Yomiuri Survey of DPJ: Mr. Maehara Top Choice for Next Prime Minister, Followed by Mr. Edano and Mr. Okada; Historically, Prime Ministers Lose Political Capital After Announcing Intent to Resign
Yomiuri Survey of DPJ: Mr. Maehara Top Choice for Next Prime Minister, Followed by Mr. Edano and Mr. Okada
Yomiuri Shimbun: ポスト菅は前原氏首位、追う枝野氏ら…読売調査
June 5, 2011
Since Prime Minister Naoto Kan suggested he intends to resign, the Democratic Party of Japan has turned its attention to the “post-Kan” government, and there is already genuine competition for the role of next party leader.
According to a national survey of DPJ members conducted by the Yomiuri Shimbun June 3-4, former Foreign Minister Seiji Maehara has the most support at 14%, followed by Chief Cabinet Secretary Edano and Chief Party Secretary Okada at 9% each, but each person has good points and bad ones.
Mr. Maehara has much experience as a representative and cabinet minister. He is well-versed in national security policy, and more than a few Liberal Democratic Party members would be willing to work with him. However, he resigned from office just this March after it was discovered that he received an illegal campaign donation from a Korean, so he is cautious about pursuing the Prime Minister’s office.
Mr. Edano’s name recognition has improved of his daily press conferences after the Great Tōhoku Earthquake, but it is said that “live or die, he and Prime Minister Kan share the same fate.” Mr. Okada has taken much of the blame for the DPJ’s nationwide defeats in local elections this April.
Historically, Prime Ministers Lose Political Capital After Announcing Intent to Resign
Yomiuri Shimbun: 歴代首相、退陣表明・辞意発言後の求心力低下
June 5, 2011
There are more than a few examples of Japanese Prime Ministers finding it more difficult to govern after they’ve announced they intend to resign in the near future.
In March 2001, Prime Minister Moriyama, beset by low approval ratings and a strengthening push for his resignation, announced to Liberal Democratic Party leaders that he would move up the date of the presidential election. Although he stayed in the position until April, the political world had already turned its attention to determining the “Post-Mori” government.
When the Recruit Scandal brought the 1989 budget deliberations to a standstill, Prime Minister Takeshita announced that because of low public confidence in government, he would resign after the budget passed. But with the House of Councillors [upper house] election coming up, the opposition parties didn’t step down from their oppositional stance, and no progress was made on the government’s most important priority, amending the Political Funds Control Law.
Governance has even been hindered when a Prime Minister’s intent to resign was leaked rather than announced.
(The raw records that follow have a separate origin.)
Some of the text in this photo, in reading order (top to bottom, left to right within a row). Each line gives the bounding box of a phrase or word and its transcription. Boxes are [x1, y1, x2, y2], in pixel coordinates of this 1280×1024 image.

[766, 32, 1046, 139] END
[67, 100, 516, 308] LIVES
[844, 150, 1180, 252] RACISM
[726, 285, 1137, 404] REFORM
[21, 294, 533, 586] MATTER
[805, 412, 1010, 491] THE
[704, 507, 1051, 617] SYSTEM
Prime Minister Uno, who took over in June 1989 after Mr. Takeshita resign, was immediately damaged by defeats in the upper house by-elections and his own sexual scandals. Less than a month after taking office, party leadership leaked that he intended to resign. Though he was urged to reconsider, his party suffered a crushing defeat in the House of Councillors general election that July; he took responsibility for it and resigned, concluding a reign of only 69 days.
Prime Minister Hosokawa, the leader of the first non-LDP government of the modern era, was driven out of office in April 1994 because of his illicit loan from the delivery company Tokyo Sagawa Kyubin. Someone told the press that during a dinner meeting with members of the House of Councillors, he said, “I’m exhausted, and I want to resign.” He immediately denied that rumor but left office a little more than 20 days later.